Using Pietro's path configuration.


In [39]:
# Load the datasets from the specified CSV file paths.
# `low_memory=False` is a pandas `read_csv` option that can help with type inference for large files with mixed data types.
# `.squeeze("columns")` converts a single-column DataFrame (which `read_csv` might produce for y_train/y_test) into a pandas Series.

# --- Data for Model FITTING ---
# These are the resampled training features and labels.
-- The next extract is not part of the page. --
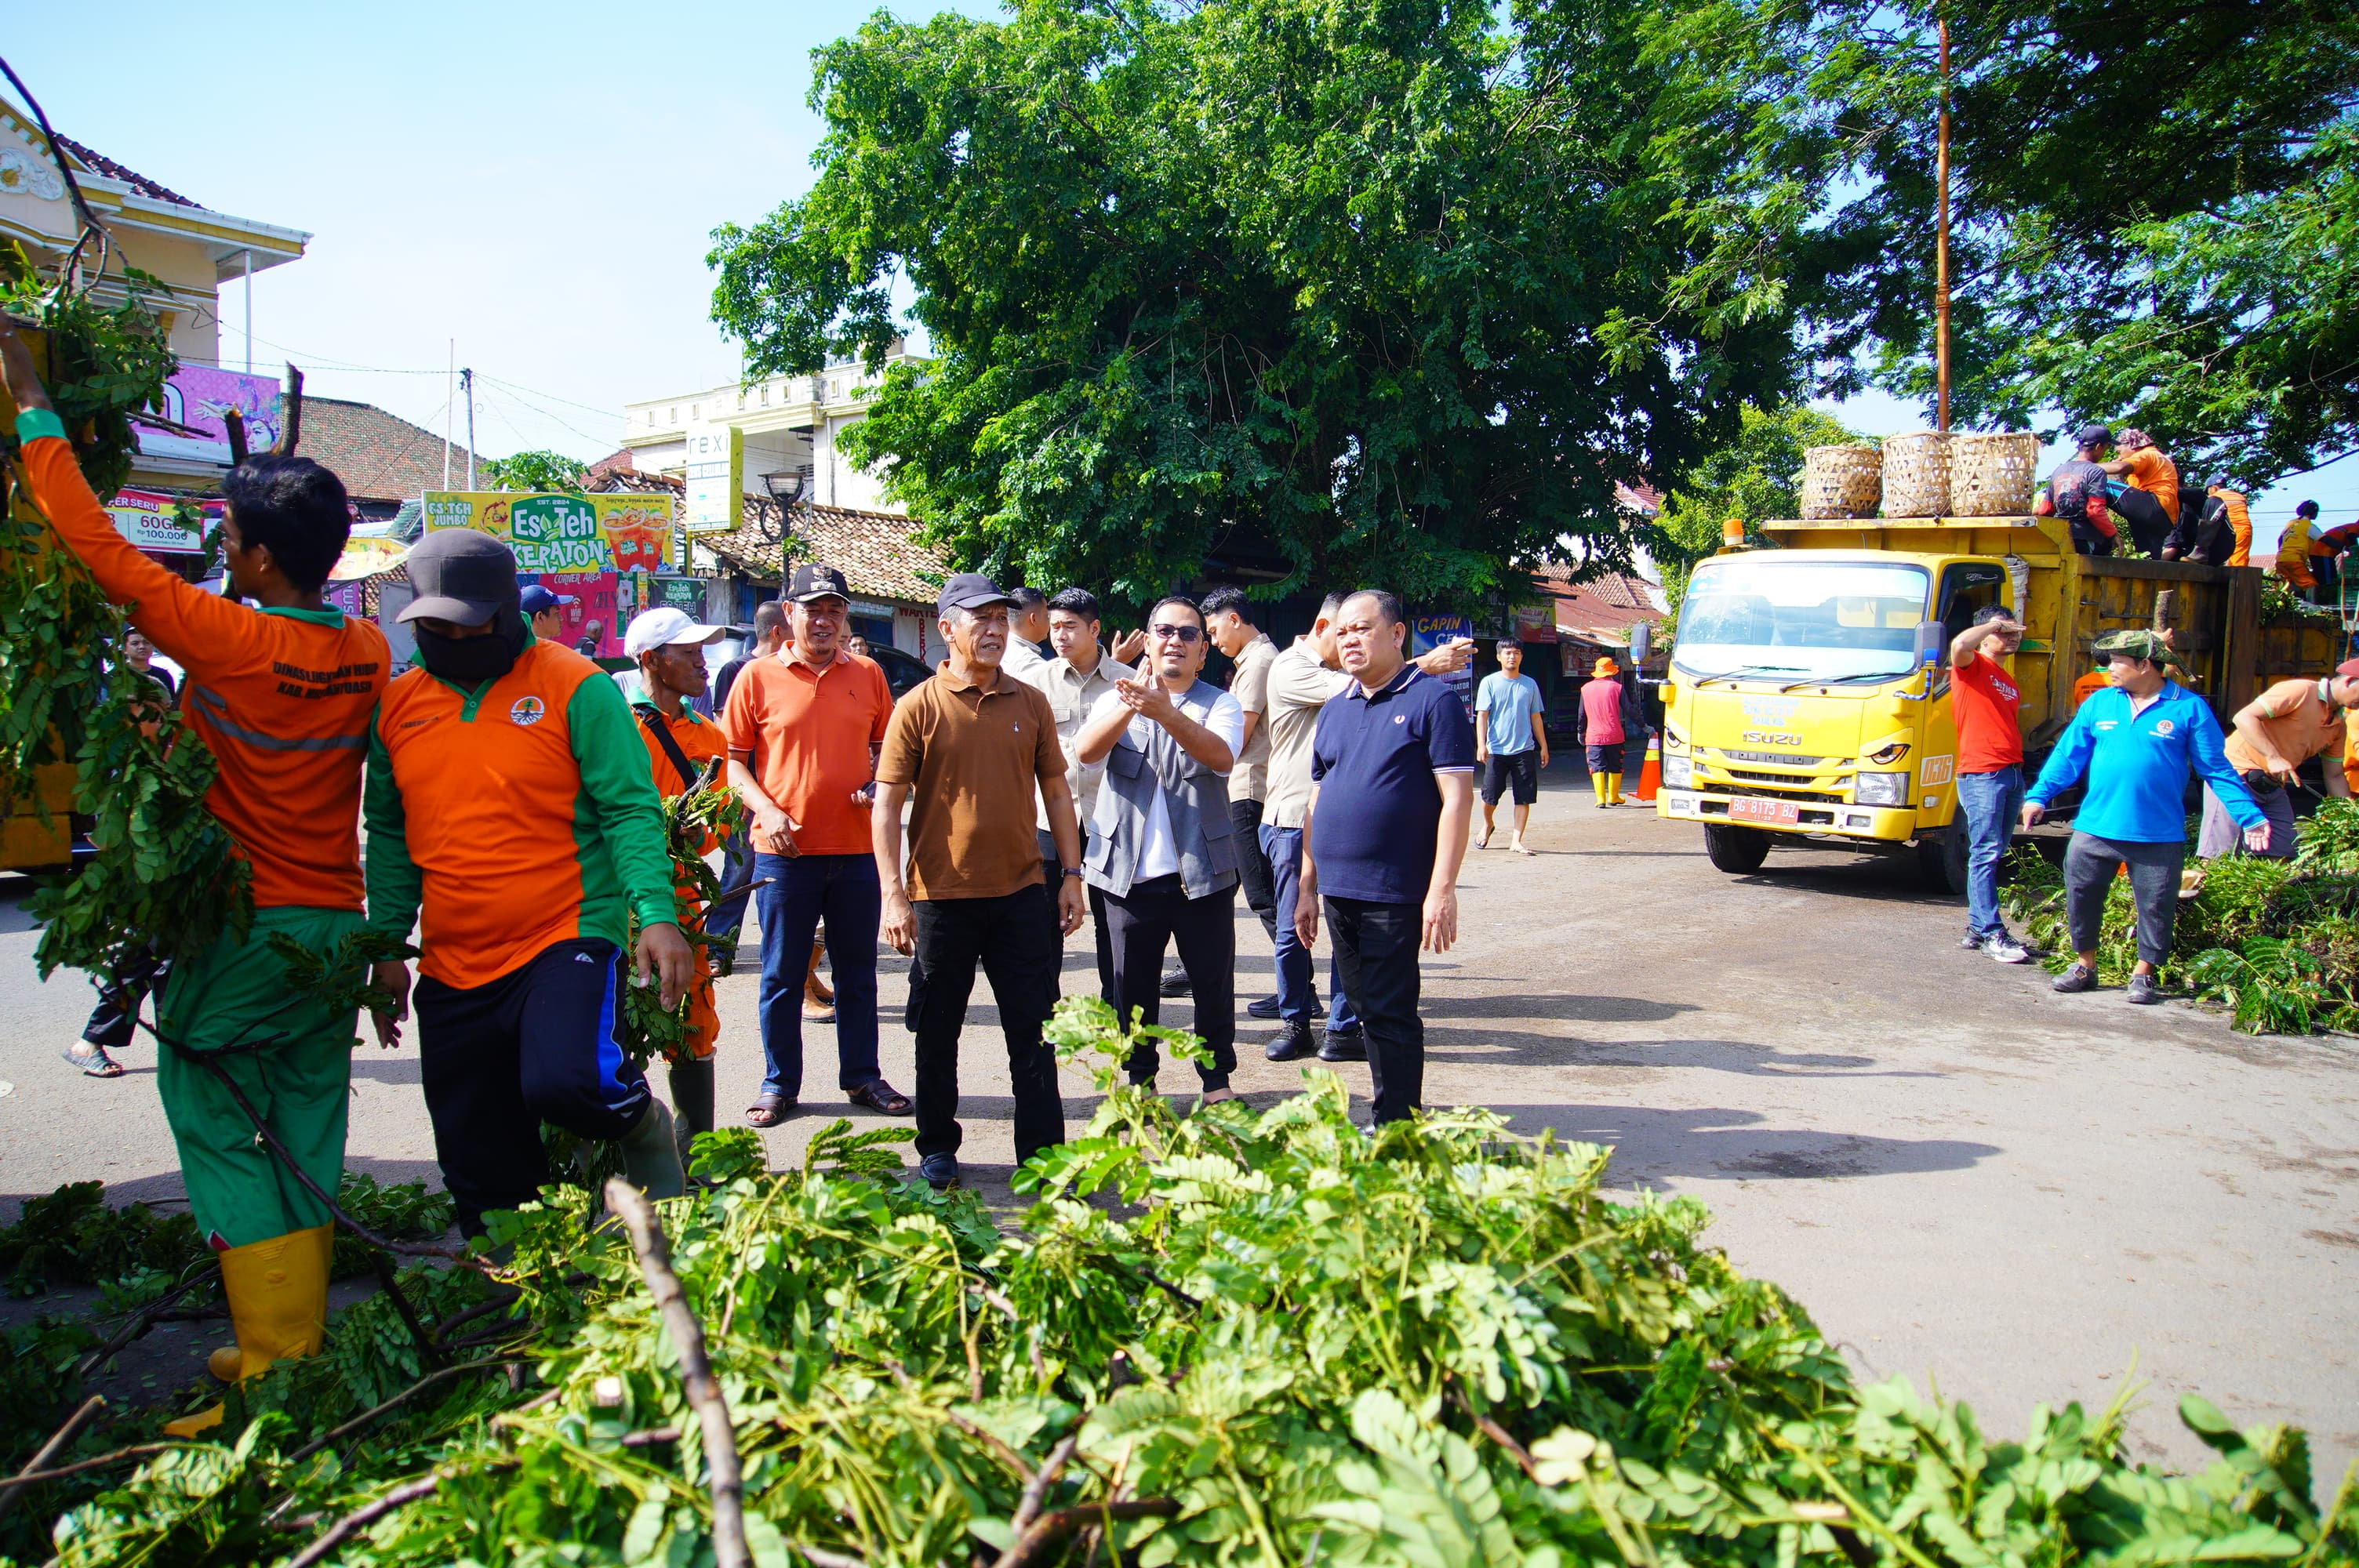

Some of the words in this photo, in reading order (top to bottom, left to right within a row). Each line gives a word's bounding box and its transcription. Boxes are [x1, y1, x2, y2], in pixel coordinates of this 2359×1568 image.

Models will be trained on this data.
print("Loading data for model fitting (resampled training data)...")
X_train_fit = pd.read_csv(X_train_fit_path, low_memory=False)
y_train_fit = pd.read_csv(y_train_fit_path, low_memory=False).squeeze("columns")
print(f"X_train_fit shape: {X_train_fit.shape}, y_train_fit shape: {y_train_fit.shape}")

# --- Data for EVALUATING on Training Set's Original Distribution ---
# These are the preprocessed (but not resampled) training features and labels.
# Used to assess fairness on the original training data characteristics.
print("\nLoading data for training set evaluation (preprocessed, original distribution)...")
X_train_eval = pd.read_csv(X_train_eval_path, low_memory=False)
y_train_eval = pd.read_csv(y_train_eval_path, low_memory=False).squeeze("columns")
print(f"X_train_eval shape: {X_train_eval.shape}, y_train_eval shape: {y_train_eval.shape}")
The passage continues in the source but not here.